Sunday, 26 June 2016

Essex crime with Blackwater by James Henry


'You can take the boy out of Essex, but you can't take Essex out of the boy'.

New crime thriller 'Blackwater' by James Henry sets up a cracking new series, set in Colchester,  Essex in the 1980s, and featuring DI Nick Lowry. I was intrigued when this book arrived through the door as, living in Essex my whole life and remembering the 80s with nostalgic fondness, what was not to like, as well as being a bit bored of every detective series seemingly set in Scotland or Brighton it was time for a change. The story here focuses on a complicated web of bodies washed up, army cover ups, corruption and missing persons, all linked to drugs shipments and the landscape and population of the blackwaters.

Setting the book in that era was a great idea, no mobiles, Internet or other modern distractions to take the reader from the story. Some of my favourite parts of the book are those that show policing as it used to be, before 9/11 and terrorism, along with in politically correct means of getting criminals to talk and actual doing the job rather than paperwork, in one scene 'the police airwaves crackled' with 'the general public and its daily grind', 'a granny arguing with Woolworths staff over stealing a ballpoint; truanting school kids vandalising a phone box', just enough of the past to make reading this book so much more enjoyable than modern detective crime.

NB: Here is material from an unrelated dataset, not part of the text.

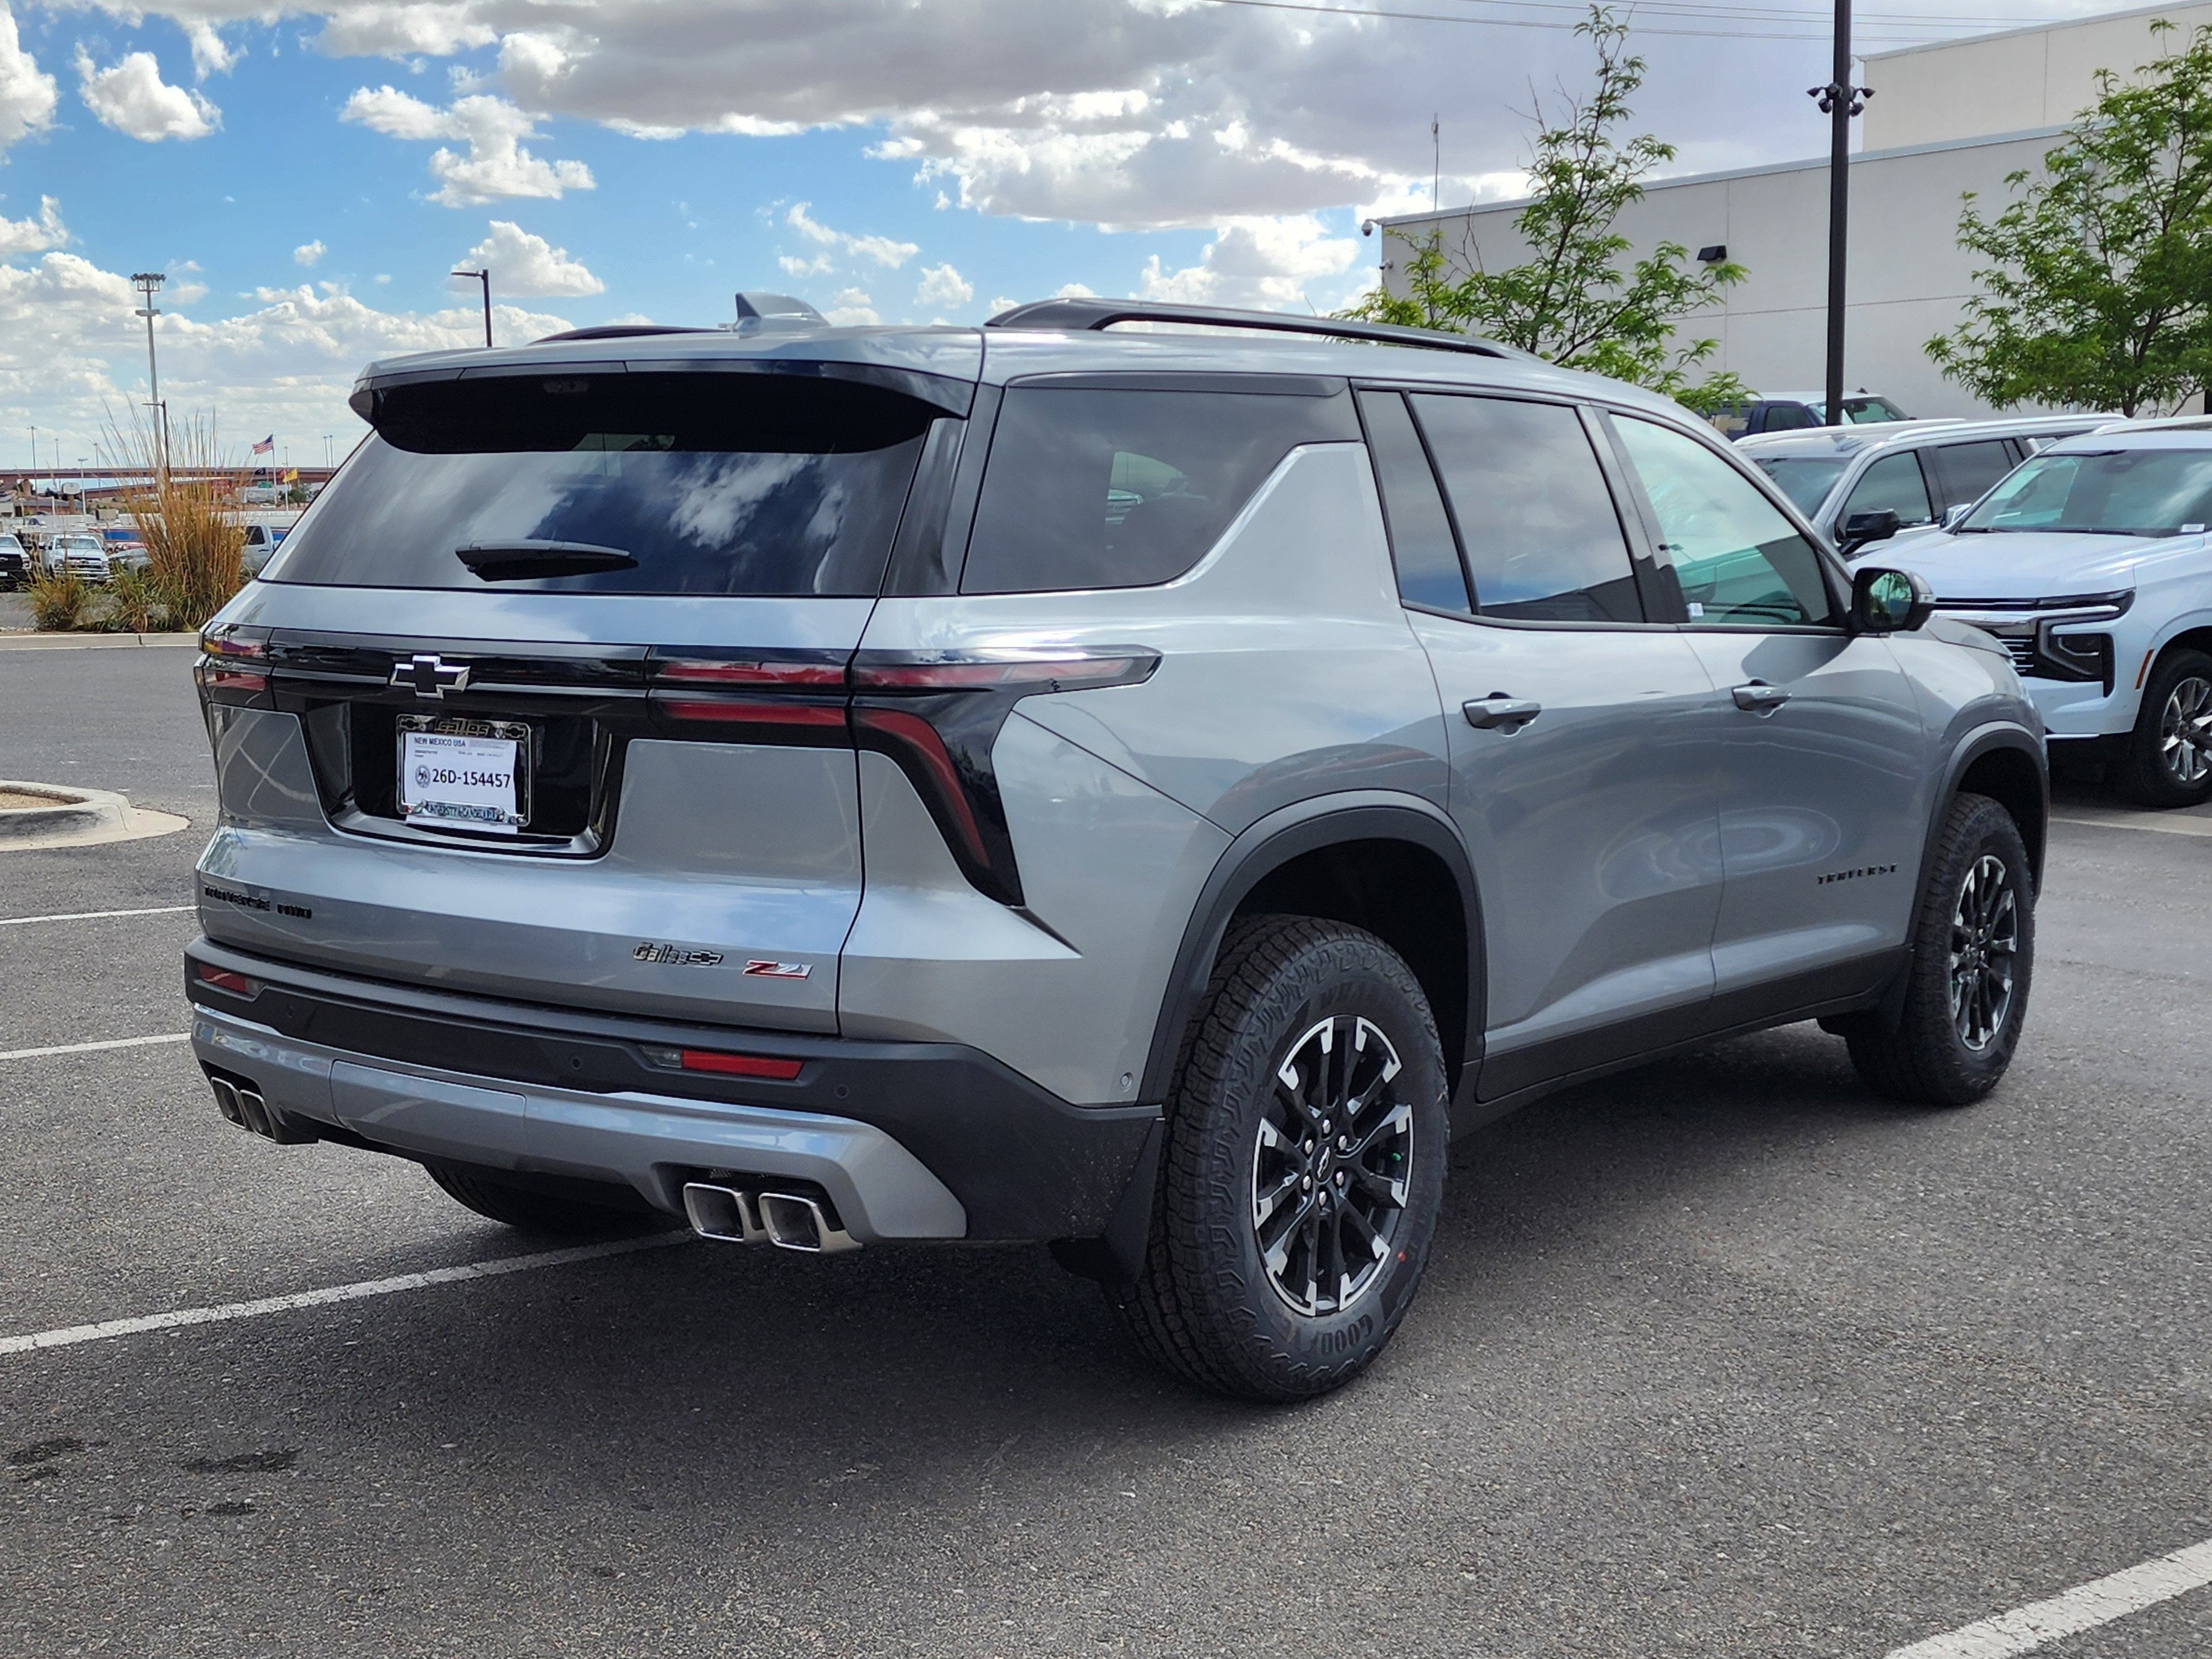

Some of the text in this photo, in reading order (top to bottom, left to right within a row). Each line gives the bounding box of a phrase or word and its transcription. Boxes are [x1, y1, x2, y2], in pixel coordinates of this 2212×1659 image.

[415, 737, 466, 748] NEW MEXICO USA
[432, 768, 510, 789] 26D-154457
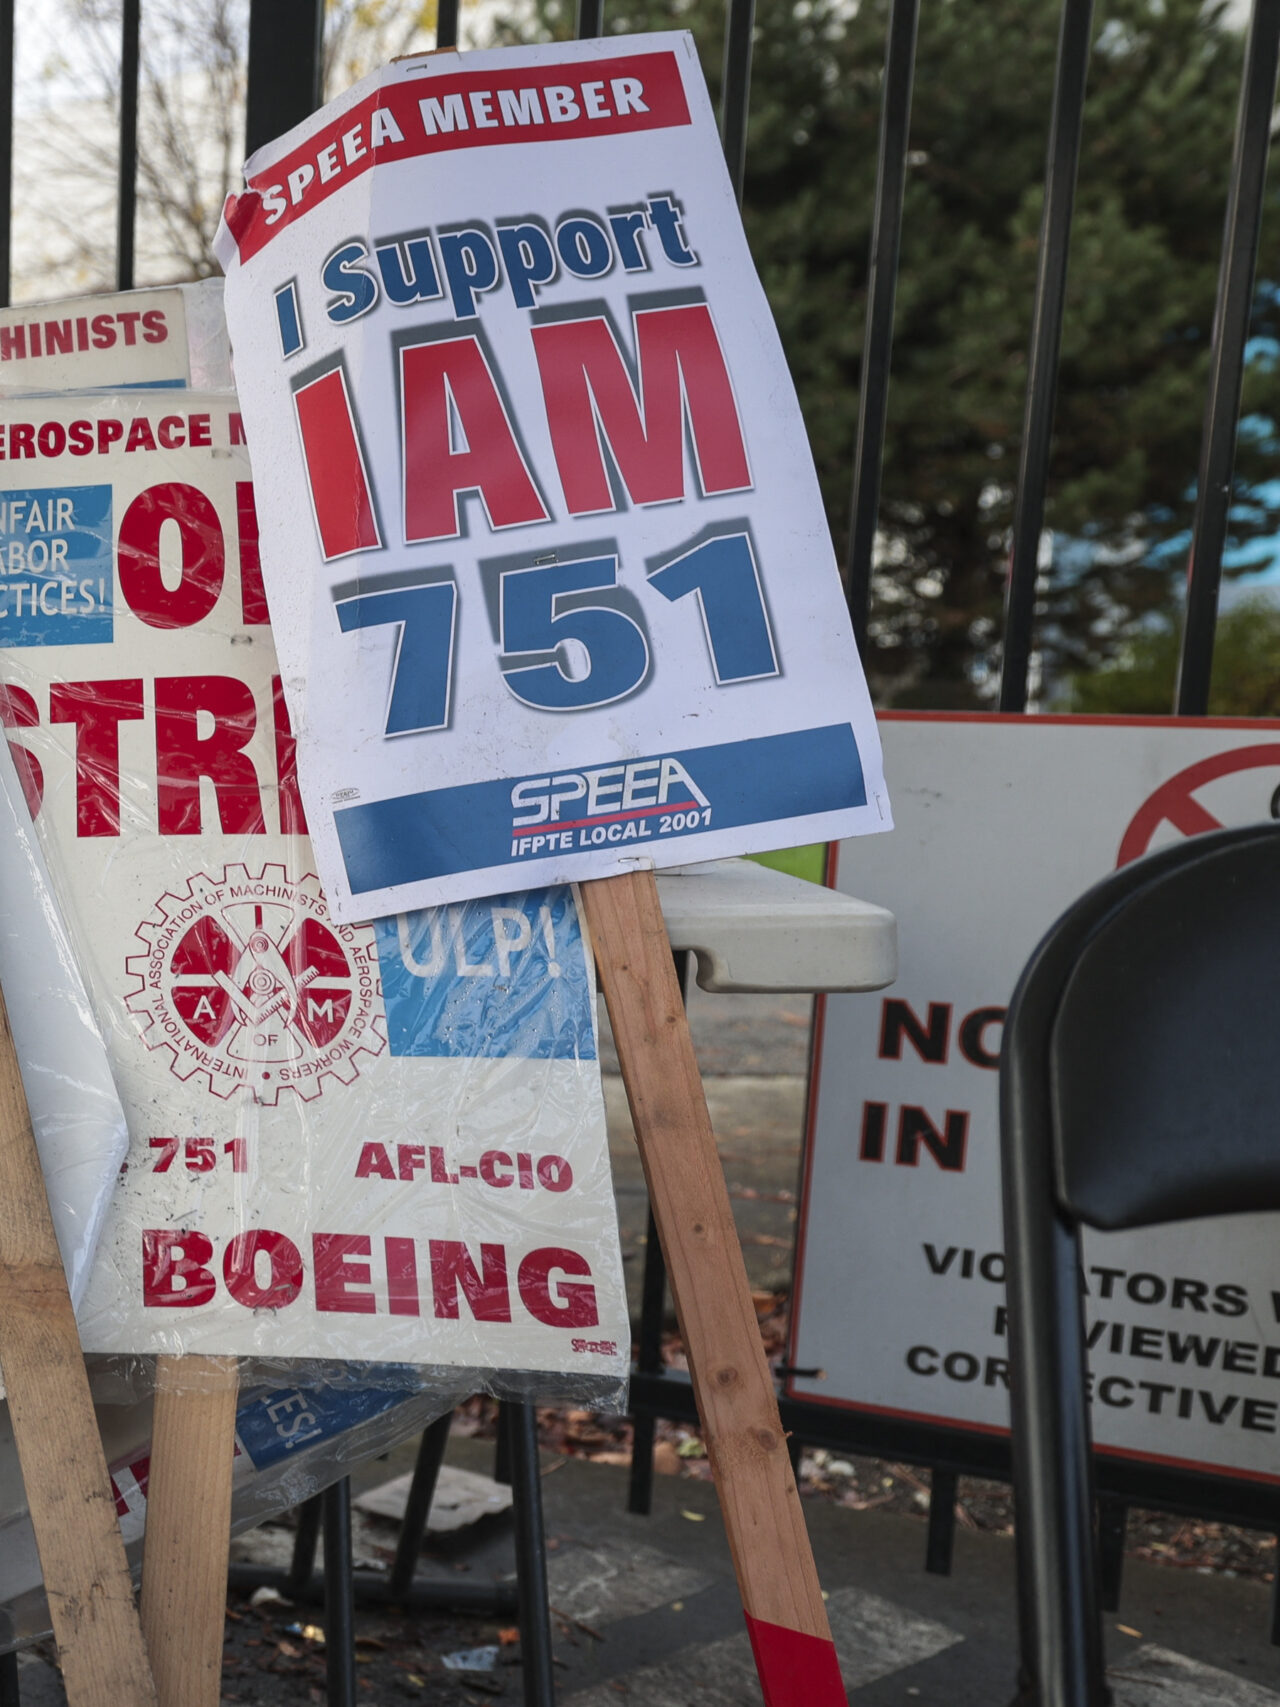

The characters who here are almost fully formed and totally believable, despite the tendency with crime series to waste the first novel setting up relationships and complex issues to be revealed in later books. This novel has moments of humour, just enough mystery and intrigue to keep crime fans happy and a real sense of place, along with a cracking side story concerning Lowry and his wife Jaqui, a younger woman and set up from the start as not all her husband thinks she is in their marriage, entwining both of them closer to the investigation than he would like to admit.

Blackwater certainly worked for me and I'd highly recommend it when it is released by riverrun on 14 July 2016 in the UK along with others in the series which I will eagerly keep an eye out for.